A responsabilidade cívica dos intelectuais
Élide Rugai BASTOS e Walquíria D. Leão REGO (orgs.). Intelectuais e política a moralidade do compromisso. São Paulo, Olho d'Água, 1999. 216 páginas.
Célia Galvão Quirino
Belo trabalho, o realizado pelas autoras. As duas professoras da Unicamp souberam reunir nesta coletânea textos polêmicos de alguns intelectuais que defenderam claramente a necessidade da existência de um compromisso moral do intelectual com o mundo contemporâneo, com sua sociedade, com a própria humanidade. Já no subtítulo da obra encontra-se expressa "a crença de que é intrínseco à condição intelectual o vínculo entre a atividade de pensar e o empenho moral do analista na elevação da condição humana". A "missão do sábio de Fichte", a "traição de Benda", o impegno morale de Vittorini, o engagement de Sartre são exemplos claros daquilo que é expresso como o "dilema principal da atividade intelectual distância crítica e envolvimento com a sociedade em que se vive".

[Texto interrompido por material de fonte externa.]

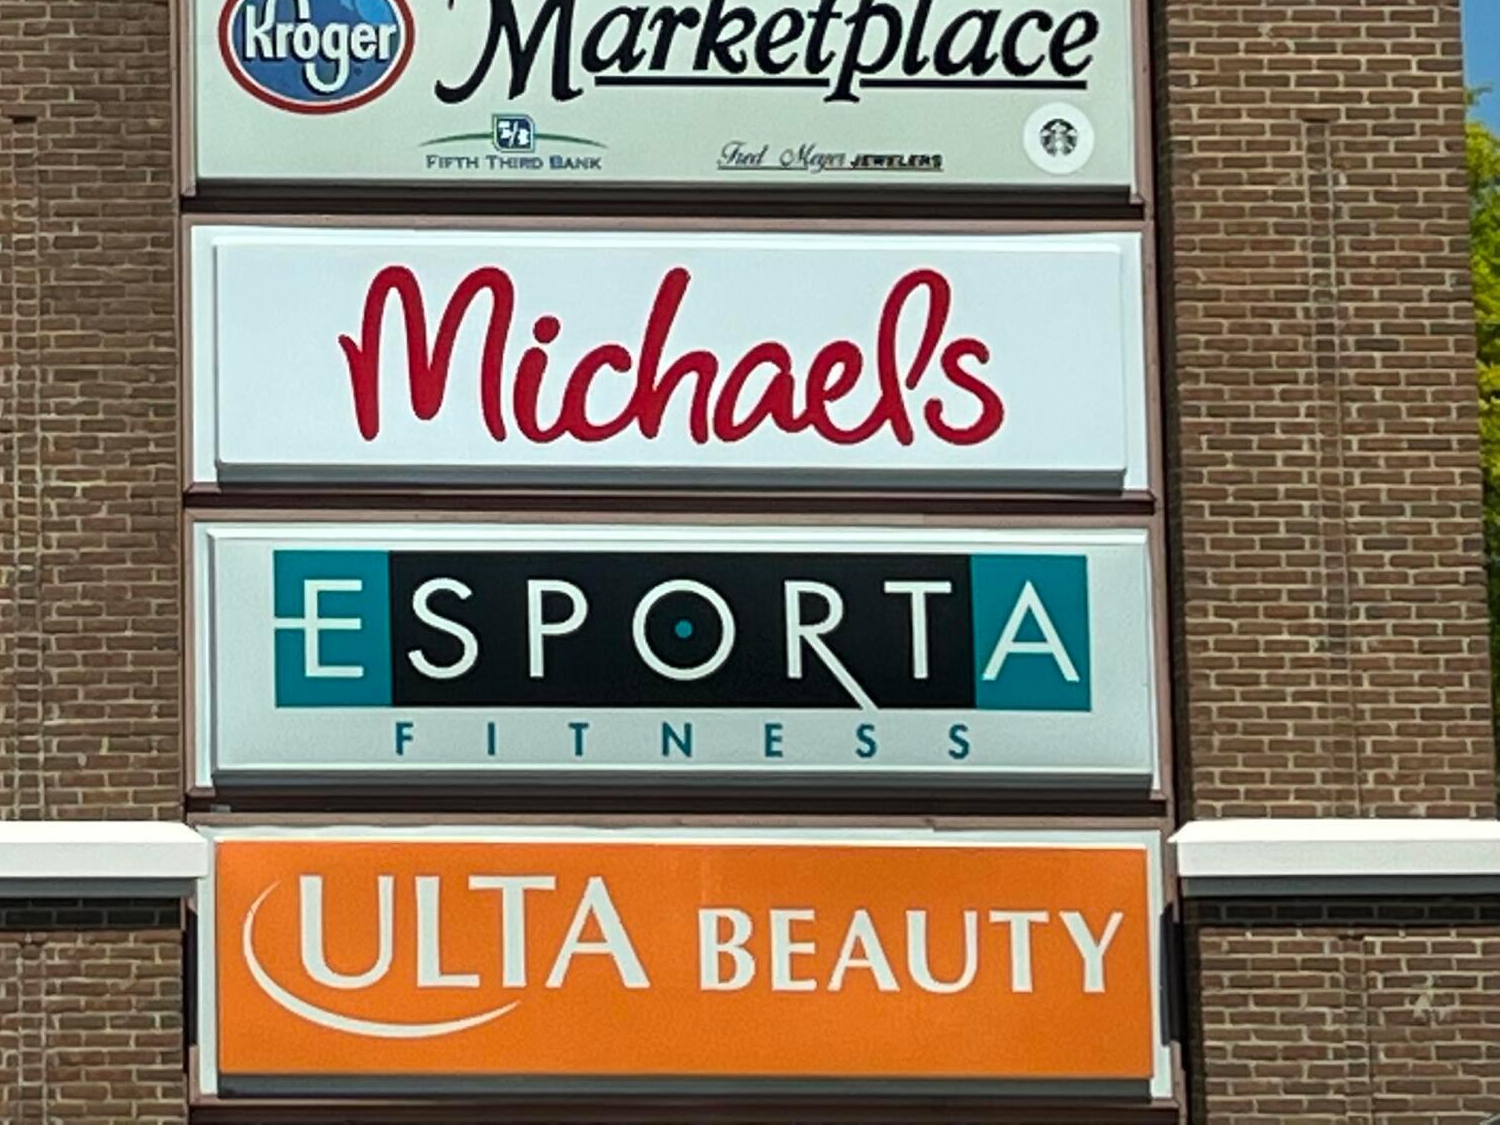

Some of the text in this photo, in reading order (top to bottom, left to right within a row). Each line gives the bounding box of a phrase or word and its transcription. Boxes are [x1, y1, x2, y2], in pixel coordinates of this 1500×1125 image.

[338, 265, 1005, 446] Michaels
[274, 576, 1080, 711] ESPORTA
[394, 720, 974, 760] FITNESS
[299, 875, 1125, 996] ULTA BEAUTY
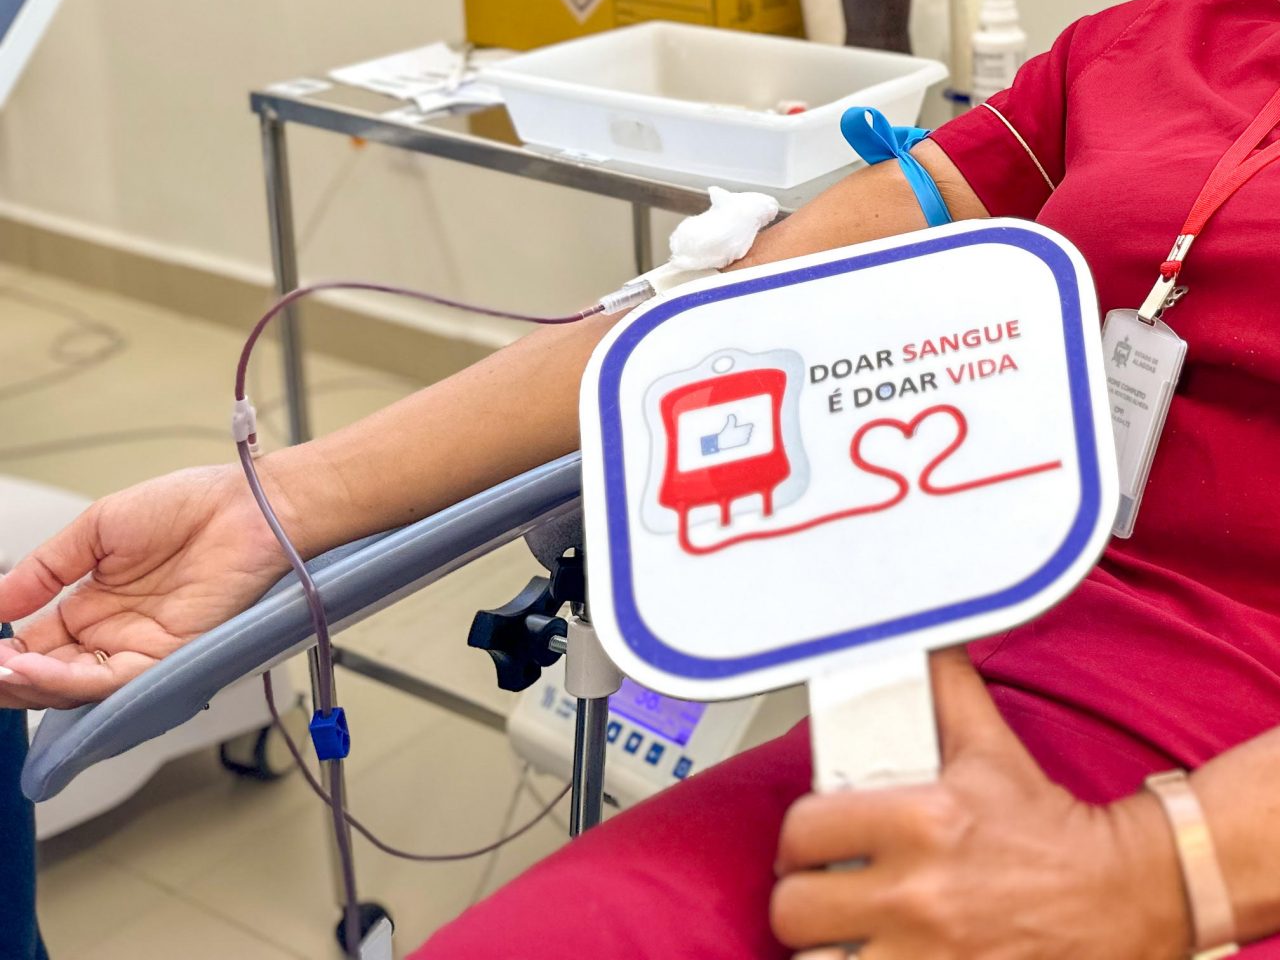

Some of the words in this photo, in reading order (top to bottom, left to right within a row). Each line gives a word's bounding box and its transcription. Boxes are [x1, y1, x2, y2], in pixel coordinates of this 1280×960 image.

Endossando algumas das posições assumidas nos textos selecionados, as organizadoras de Intelectuais e política estão sobretudo preocupadas com a "crescente perda de senso crítico dos intelectuais", o que conduziria "grande parte deles a enredar-se nas `ilusões e mitos de seu tempo', nos modismos, no `fetiche do êxito', no descompromisso com o valor das idéias". Ao que parece, o que mais temem é que haja, por parte dos intelectuais, "transigência dos princípios éticos". A proposta das organizadoras envolve ainda a complexa e sempre válida problemática da "aspiração de autonomia do intelectual face aos poderes constituídos".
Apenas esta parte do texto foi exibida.